WORK INSTRUCTIONS: With the pictures left out, restate every entry word for word.

++++ PROVIDED MATERIAL

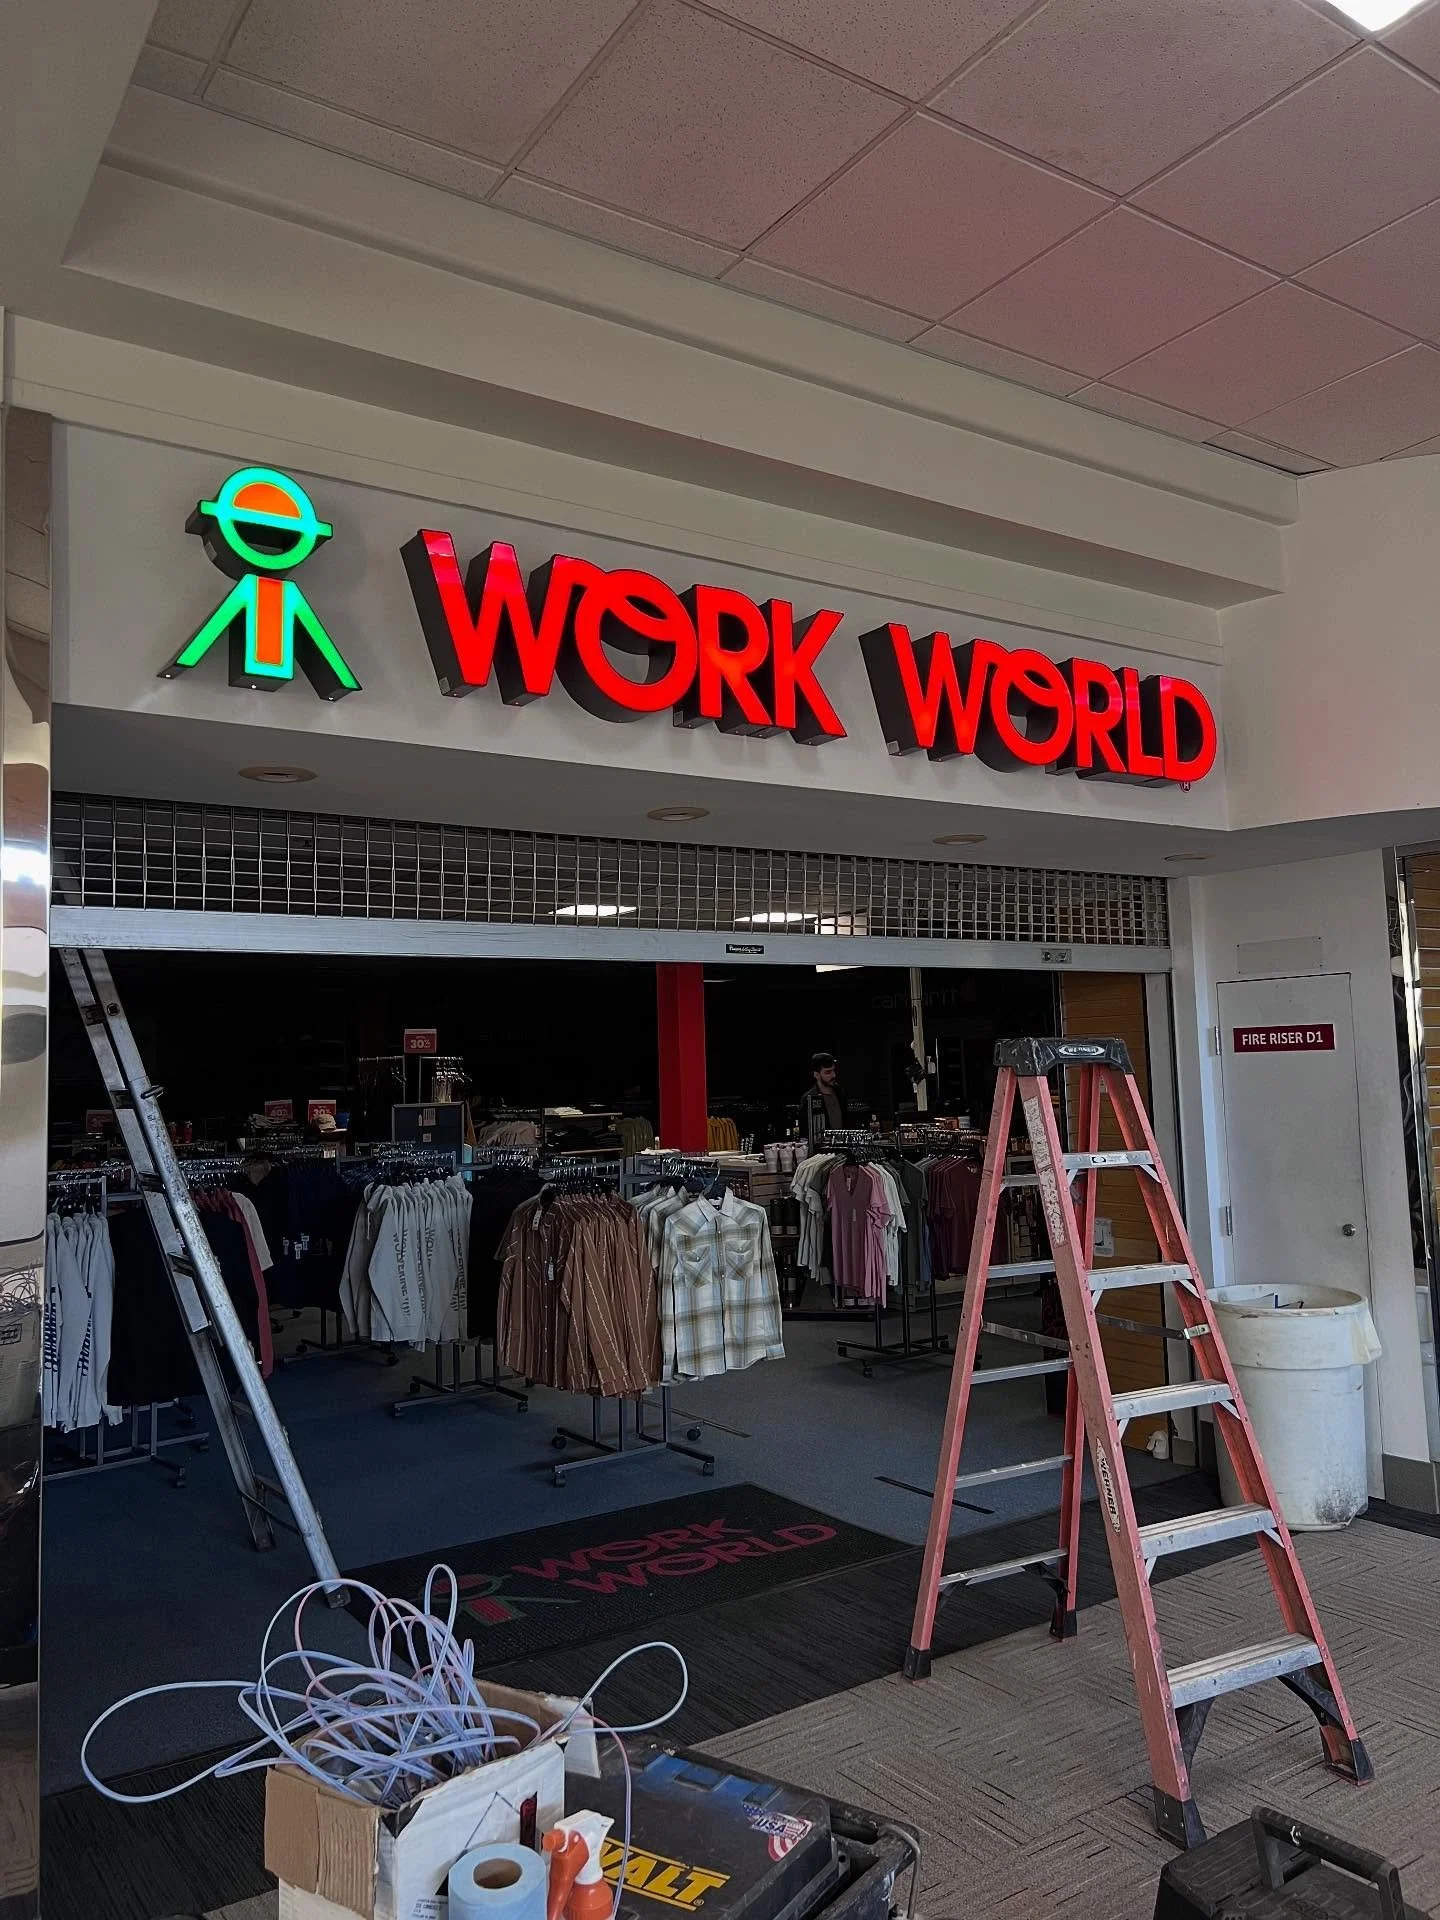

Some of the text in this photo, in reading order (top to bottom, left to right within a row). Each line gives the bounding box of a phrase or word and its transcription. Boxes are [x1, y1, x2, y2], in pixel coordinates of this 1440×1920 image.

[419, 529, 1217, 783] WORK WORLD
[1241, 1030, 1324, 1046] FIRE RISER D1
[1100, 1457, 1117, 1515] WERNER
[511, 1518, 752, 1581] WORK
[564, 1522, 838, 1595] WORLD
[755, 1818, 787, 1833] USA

++++++++

TASK RESULT:
Some of the text in this photo, in reading order (top to bottom, left to right within a row). Each line gives the bounding box of a phrase or word and its transcription. Boxes are [x1, y1, x2, y2], in pixel coordinates of this 1440×1920 image.

[419, 529, 1217, 783] WORK WORLD
[1241, 1030, 1324, 1046] FIRE RISER D1
[1100, 1457, 1117, 1515] WERNER
[511, 1518, 752, 1581] WORK
[564, 1522, 838, 1595] WORLD
[755, 1818, 787, 1833] USA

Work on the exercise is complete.